Lets look at a gamma correction kernel
__constant sampler_t sampler = CLK_NORMALIZED_COORDS_FALSE |
CLK_ADDRESS_CLAMP_TO_EDGE |
CLK_FILTER_LINEAR;
__kernel void Gamma(__read_only image2d_t input, __write_only image2d_t output, __constant float gamma) {
int2 gid = (int2)(get_global_id(0), get_global_id(1));
int2 size = get_image_dim(input);
if(all(gid < size)){
uint4 pixel = read_imageui(input, sampler, gid);
float4 color = convert_float4(pixel) / 255;
color = pow(color, (float4)(gamma));
pixel = convert_uint4_rte(color * 255);
write_imageui(output, gid, pixel);
}
}
Now lets walk through that code step by step. The first line creates a variable in the __constant memory region of type sampler_t. This sampler is used to further specify the access to our image data. Please refer to the Khronos Docs for a full documentation.
We allocated the input as read_only and the output as write_only before we called our kernel so we add those modifiers here.
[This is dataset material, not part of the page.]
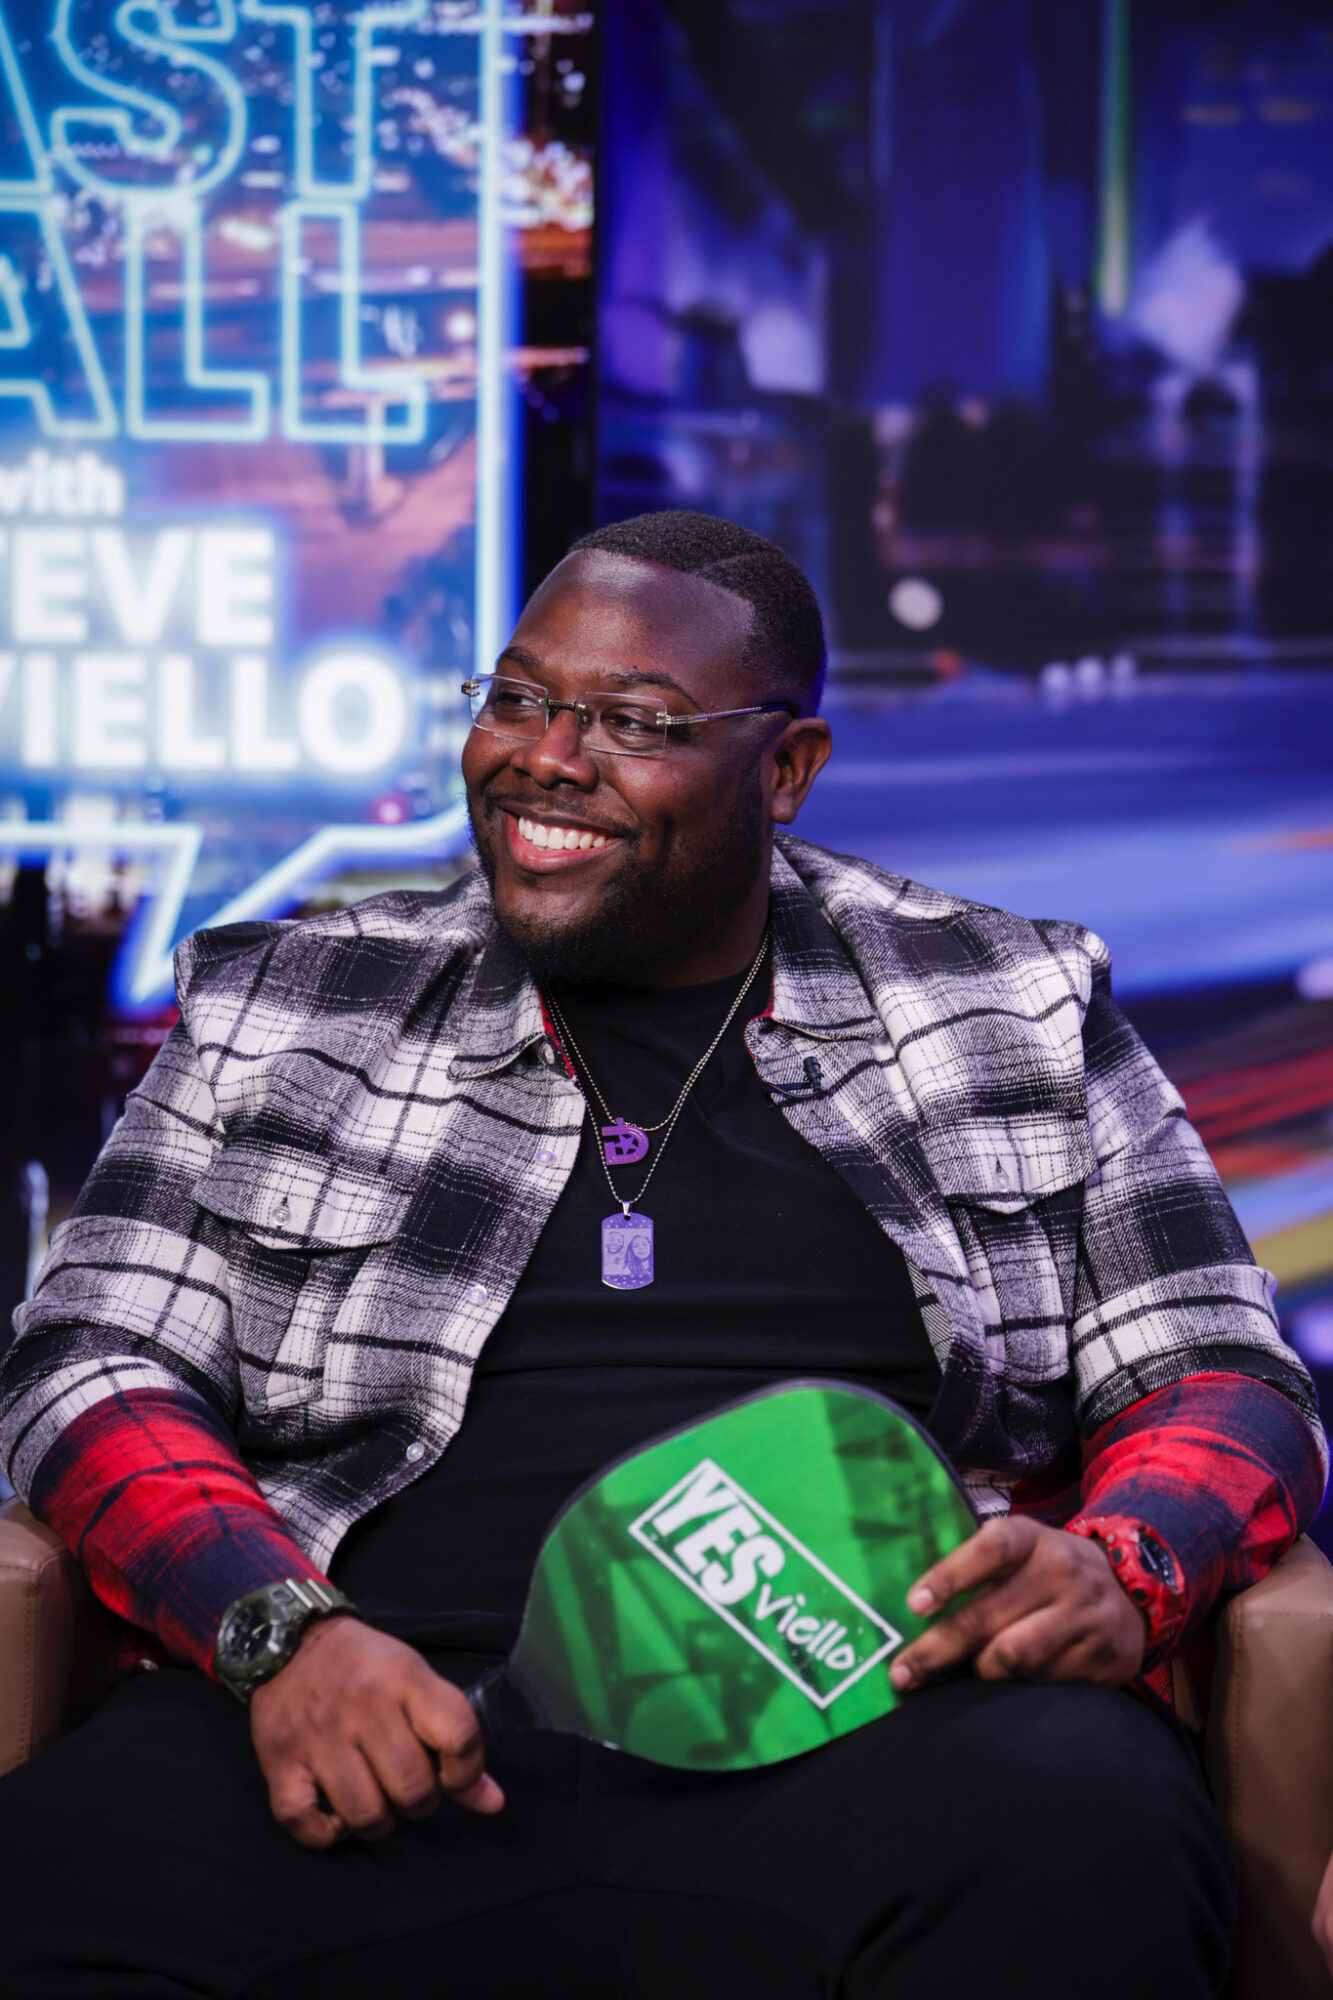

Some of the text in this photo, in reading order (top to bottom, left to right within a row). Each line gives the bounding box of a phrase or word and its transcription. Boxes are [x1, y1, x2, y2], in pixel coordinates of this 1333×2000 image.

[0, 0, 428, 200] ST
[0, 526, 276, 646] EVE
[0, 651, 407, 773] IELLO
[651, 1464, 856, 1671] YES viello
image2d and image3d are always allocated on the global memory, therefore we can omit the __global modifier here. Our gamma value is located in __constant memory, so we specify that too.
Then we get our thread id which defines the pixel we are going to gamma correct. We also query the size to make sure that our thread is not accessing unallocated memory. This will definitley crash your kernel if you forget that.
After we made sure that we are a legitimate thread, we read our pixel out of our input image. We then convert it to float to avoid loss of decimal places, do some calculations, convert it back and write it into the output.